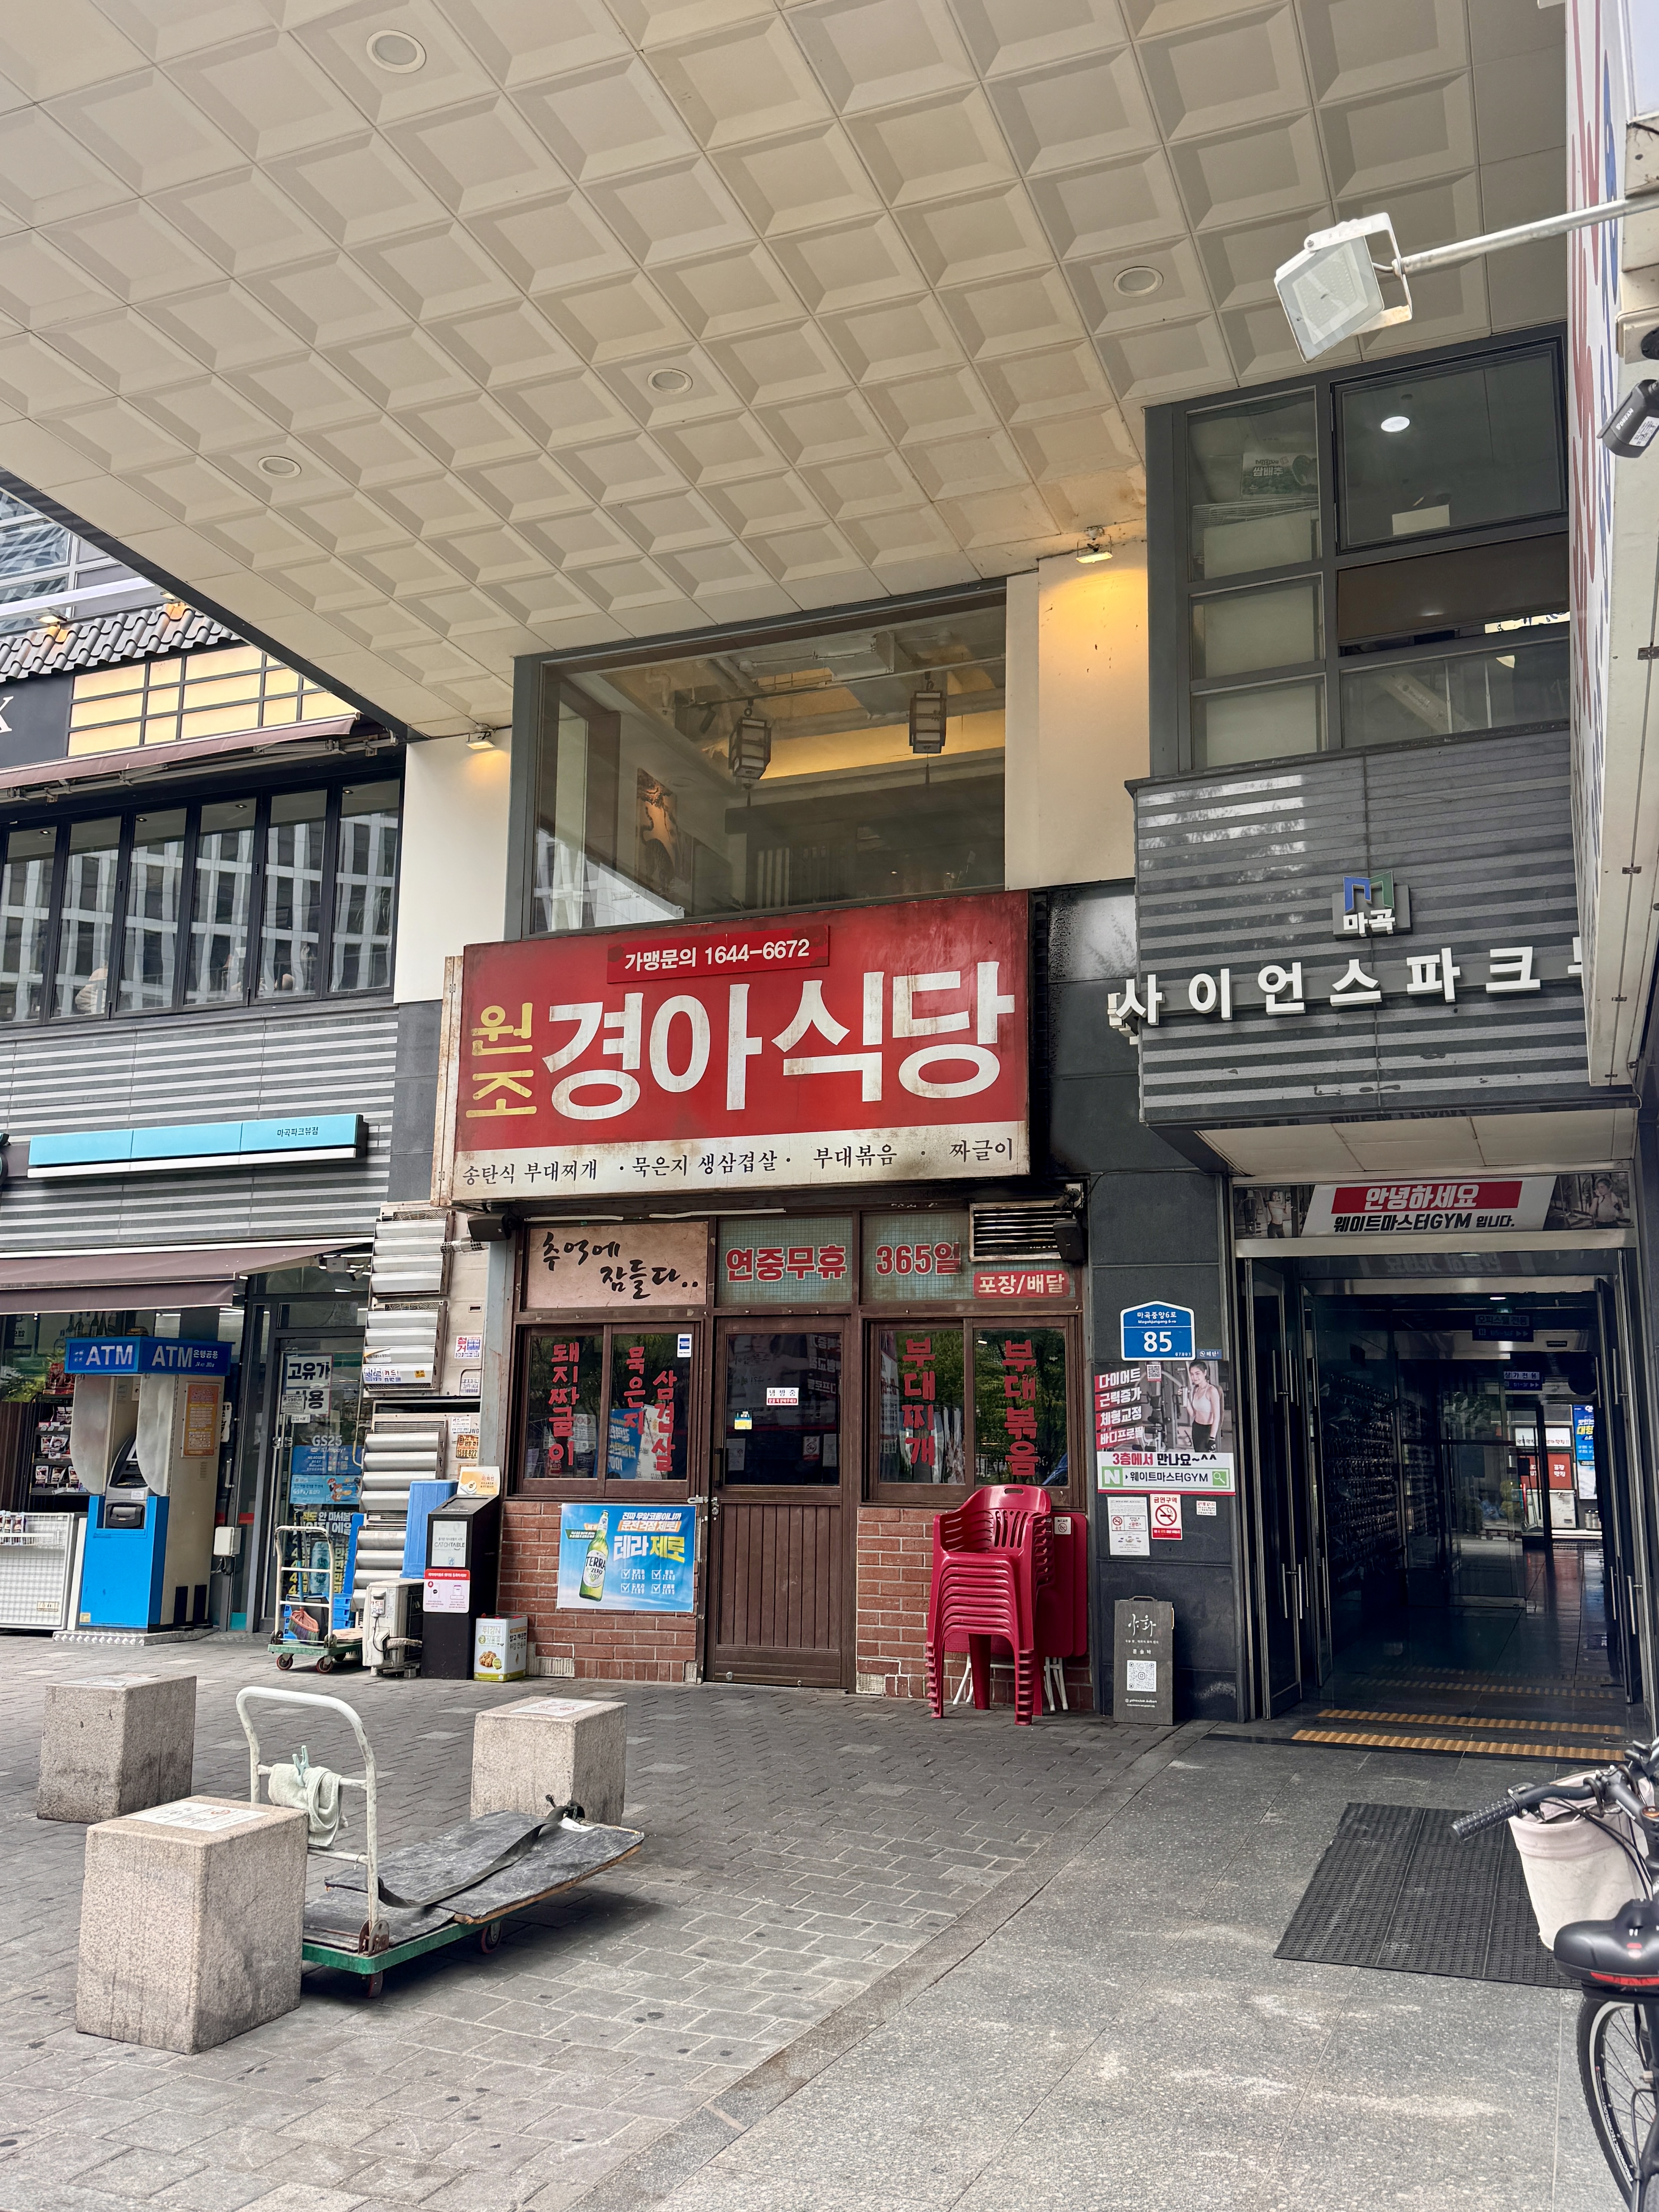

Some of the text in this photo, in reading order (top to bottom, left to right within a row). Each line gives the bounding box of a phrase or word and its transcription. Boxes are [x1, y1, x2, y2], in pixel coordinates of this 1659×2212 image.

[1253, 467, 1283, 476] 쌈배추
[1343, 909, 1395, 936] 마곡
[624, 938, 809, 972] 가맹문의 1644-6672
[542, 961, 1015, 1120] 경아식당
[466, 1002, 537, 1118] 원조
[277, 1127, 318, 1137] 마곡파크뷰점
[462, 1163, 516, 1185] 송탄식
[524, 1158, 598, 1183] 부대찌개
[814, 1143, 897, 1169] 부대볶음
[950, 1137, 1013, 1163] 짜글이
[1365, 1184, 1480, 1211] 안녕하세요
[1333, 1213, 1516, 1233] 웨이트마스터GYM 입니다.
[543, 1231, 620, 1271] 추억에
[875, 1241, 961, 1276] 365일
[726, 1243, 847, 1282] 연중무휴
[600, 1259, 698, 1299] 잠들다..
[978, 1273, 1066, 1295] 포장/배달
[1144, 1331, 1172, 1352] 85
[86, 1345, 133, 1365] ATM
[152, 1346, 193, 1367] ATM
[288, 1362, 330, 1380] 고유가
[1099, 1368, 1140, 1389] 다이어트
[624, 1346, 646, 1435] 묵은지
[902, 1337, 936, 1466] 부대찌개
[1099, 1387, 1142, 1408] 근력증가
[548, 1342, 579, 1466] 돼지짜글이
[1002, 1340, 1041, 1475] 부대볶음
[651, 1370, 677, 1471] 삼겹살
[1100, 1406, 1142, 1427] 체형교정
[312, 1435, 342, 1447] GS25
[1100, 1426, 1145, 1446] 바디프로필
[1113, 1453, 1153, 1466] 3층에서
[1104, 1470, 1208, 1484] N 웨이트마스터GYM
[318, 1512, 327, 1521] 안
[613, 1535, 685, 1563] 테라 제로
[586, 1556, 606, 1569] TERRA
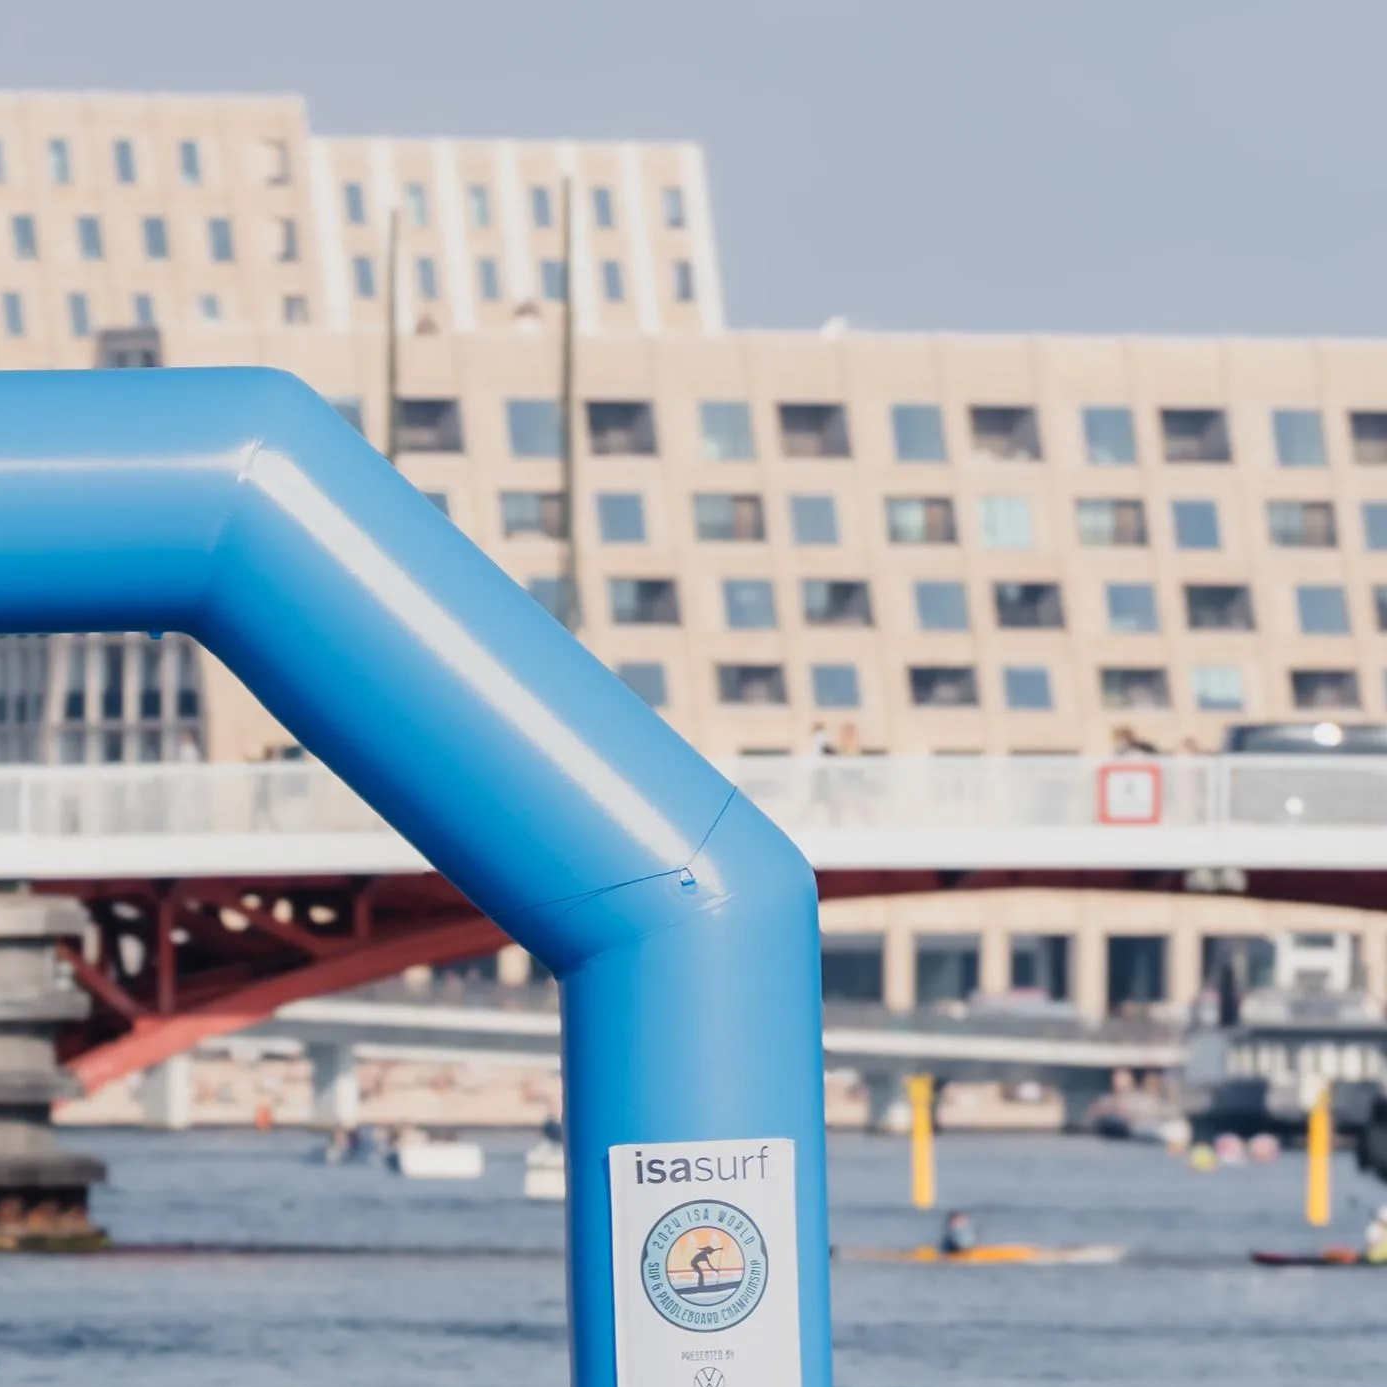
⁂
*Work to complete*: Make an exact copy of the listing above. Its pictures are not needed.

*Result*:
Some of the text in this photo, in reading order (top to bottom, left to right within a row). Each line gives the bounding box of a phrase or word and its transcription. Boxes are [x1, y1, x2, y2], in pixel coordinates of this 1659×2212 image.

[1253, 467, 1283, 476] 쌈배추
[1343, 909, 1395, 936] 마곡
[624, 938, 809, 972] 가맹문의 1644-6672
[542, 961, 1015, 1120] 경아식당
[466, 1002, 537, 1118] 원조
[277, 1127, 318, 1137] 마곡파크뷰점
[462, 1163, 516, 1185] 송탄식
[524, 1158, 598, 1183] 부대찌개
[814, 1143, 897, 1169] 부대볶음
[950, 1137, 1013, 1163] 짜글이
[1365, 1184, 1480, 1211] 안녕하세요
[1333, 1213, 1516, 1233] 웨이트마스터GYM 입니다.
[543, 1231, 620, 1271] 추억에
[875, 1241, 961, 1276] 365일
[726, 1243, 847, 1282] 연중무휴
[600, 1259, 698, 1299] 잠들다..
[978, 1273, 1066, 1295] 포장/배달
[1144, 1331, 1172, 1352] 85
[86, 1345, 133, 1365] ATM
[152, 1346, 193, 1367] ATM
[288, 1362, 330, 1380] 고유가
[1099, 1368, 1140, 1389] 다이어트
[624, 1346, 646, 1435] 묵은지
[902, 1337, 936, 1466] 부대찌개
[1099, 1387, 1142, 1408] 근력증가
[548, 1342, 579, 1466] 돼지짜글이
[1002, 1340, 1041, 1475] 부대볶음
[651, 1370, 677, 1471] 삼겹살
[1100, 1406, 1142, 1427] 체형교정
[312, 1435, 342, 1447] GS25
[1100, 1426, 1145, 1446] 바디프로필
[1113, 1453, 1153, 1466] 3층에서
[1104, 1470, 1208, 1484] N 웨이트마스터GYM
[318, 1512, 327, 1521] 안
[613, 1535, 685, 1563] 테라 제로
[586, 1556, 606, 1569] TERRA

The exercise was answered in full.